» **WHAT IS REQUIRED**:
Without changing a single word, restate the entries below.

◇ ◇ ◇ ◇

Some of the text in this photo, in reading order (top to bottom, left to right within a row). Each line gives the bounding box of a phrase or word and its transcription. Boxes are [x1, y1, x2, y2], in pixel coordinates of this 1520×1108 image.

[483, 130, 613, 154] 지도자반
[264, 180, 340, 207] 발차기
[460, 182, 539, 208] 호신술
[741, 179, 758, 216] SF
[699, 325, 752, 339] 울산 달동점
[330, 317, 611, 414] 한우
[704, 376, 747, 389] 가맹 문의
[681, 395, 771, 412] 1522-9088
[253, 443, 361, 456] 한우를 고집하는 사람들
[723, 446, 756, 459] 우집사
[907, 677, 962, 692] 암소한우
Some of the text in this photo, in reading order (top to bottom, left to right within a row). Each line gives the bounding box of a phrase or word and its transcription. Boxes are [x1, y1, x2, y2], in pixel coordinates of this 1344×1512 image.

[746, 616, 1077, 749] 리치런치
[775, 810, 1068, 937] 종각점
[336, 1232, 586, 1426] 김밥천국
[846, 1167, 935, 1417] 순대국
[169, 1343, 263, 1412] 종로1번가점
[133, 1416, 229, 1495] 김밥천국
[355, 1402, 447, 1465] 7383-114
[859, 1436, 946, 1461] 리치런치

◇ ◇ ◇ ◇

» **ANSWER TO THE PROBLEM**:
Some of the text in this photo, in reading order (top to bottom, left to right within a row). Each line gives the bounding box of a phrase or word and its transcription. Boxes are [x1, y1, x2, y2], in pixel coordinates of this 1520×1108 image.

[483, 130, 613, 154] 지도자반
[264, 180, 340, 207] 발차기
[460, 182, 539, 208] 호신술
[741, 179, 758, 216] SF
[699, 325, 752, 339] 울산 달동점
[330, 317, 611, 414] 한우
[704, 376, 747, 389] 가맹 문의
[681, 395, 771, 412] 1522-9088
[253, 443, 361, 456] 한우를 고집하는 사람들
[723, 446, 756, 459] 우집사
[907, 677, 962, 692] 암소한우
Some of the text in this photo, in reading order (top to bottom, left to right within a row). Each line gives the bounding box of a phrase or word and its transcription. Boxes are [x1, y1, x2, y2], in pixel coordinates of this 1344×1512 image.

[746, 616, 1077, 749] 리치런치
[775, 810, 1068, 937] 종각점
[336, 1232, 586, 1426] 김밥천국
[846, 1167, 935, 1417] 순대국
[169, 1343, 263, 1412] 종로1번가점
[133, 1416, 229, 1495] 김밥천국
[355, 1402, 447, 1465] 7383-114
[859, 1436, 946, 1461] 리치런치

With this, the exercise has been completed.